January 21, 2015 scottcjones 5Comments

I read Lena Dunham’s book over the holidays, not because I’m a huge fan of Lena Dunham’s or anything but because I’d been having difficulty reading for months (see: my illness) and had assumed the book would be fairly simple to read and percolating with mildly interesting observations and, hopefully, some laughs. I like Lena Dunham, more than I sometimes want to admit to myself. I like the work that she does. Tiny Furniture, for example, is a terrific New York movie. I also admit that it’s impossible for me not to feel jealous, even resentful towards Lena Dunham sometimes. She’s a kid (28) who writes for The New Yorker, has a successful HBO show, and gets to work with Judd Apatow on a regular basis. All I’d have to do is find out that she also has a large, beautifully shaped penis which she uses to pleasure the 1981 version of Cheryl Tiegs and I’d seriously consider hanging myself. Somehow Lena Dunham has turned her talent for over-sharing—no small task distinguishing yourself in that realm, considering that everyone over-shares now (including me)—into a stable, successful career. 

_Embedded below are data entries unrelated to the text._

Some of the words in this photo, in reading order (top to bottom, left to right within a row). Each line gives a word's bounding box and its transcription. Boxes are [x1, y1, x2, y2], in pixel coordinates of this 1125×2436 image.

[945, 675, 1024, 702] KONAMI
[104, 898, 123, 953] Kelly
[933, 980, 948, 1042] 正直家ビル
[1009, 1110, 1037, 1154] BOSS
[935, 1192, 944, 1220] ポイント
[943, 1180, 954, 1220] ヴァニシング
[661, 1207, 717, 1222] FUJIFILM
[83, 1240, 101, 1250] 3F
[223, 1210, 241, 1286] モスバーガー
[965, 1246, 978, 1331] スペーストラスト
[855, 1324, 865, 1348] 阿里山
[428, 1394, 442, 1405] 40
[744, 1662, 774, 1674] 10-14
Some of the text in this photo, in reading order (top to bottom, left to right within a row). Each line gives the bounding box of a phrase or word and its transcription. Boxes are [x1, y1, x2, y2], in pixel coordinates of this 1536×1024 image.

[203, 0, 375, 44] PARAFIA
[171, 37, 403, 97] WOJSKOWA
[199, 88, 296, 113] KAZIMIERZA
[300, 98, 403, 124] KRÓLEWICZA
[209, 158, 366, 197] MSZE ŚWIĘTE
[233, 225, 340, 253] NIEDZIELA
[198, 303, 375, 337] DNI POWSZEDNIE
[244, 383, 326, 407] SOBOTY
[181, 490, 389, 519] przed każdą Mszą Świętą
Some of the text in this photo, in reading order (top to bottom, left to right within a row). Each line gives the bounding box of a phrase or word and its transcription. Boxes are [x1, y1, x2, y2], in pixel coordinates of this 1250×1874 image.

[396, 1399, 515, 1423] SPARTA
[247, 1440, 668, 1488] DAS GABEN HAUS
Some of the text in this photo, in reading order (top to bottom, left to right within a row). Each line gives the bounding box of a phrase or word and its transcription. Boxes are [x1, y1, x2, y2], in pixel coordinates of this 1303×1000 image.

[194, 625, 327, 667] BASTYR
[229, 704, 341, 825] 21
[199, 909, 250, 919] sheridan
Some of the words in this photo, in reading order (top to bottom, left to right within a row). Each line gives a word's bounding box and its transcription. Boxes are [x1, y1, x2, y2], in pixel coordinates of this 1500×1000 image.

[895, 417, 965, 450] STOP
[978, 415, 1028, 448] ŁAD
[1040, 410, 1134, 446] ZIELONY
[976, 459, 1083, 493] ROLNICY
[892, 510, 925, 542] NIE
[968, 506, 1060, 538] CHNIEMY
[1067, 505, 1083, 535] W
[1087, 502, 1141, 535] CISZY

As for the book, it sounds silly and a little unfair to admit this but I was hoping for this: “David Sedaris-esque” essays from a woman’s point of view. That’s exactly what I was thinking when I first opened Dunham’s book. I feel like a jerk for wanting that now. Instead of Sedaris-esque essays, what I got was a series of overly confessional, half-written (or overwritten) celebrity-style “scrap-bookings” that didn’t add up to much. 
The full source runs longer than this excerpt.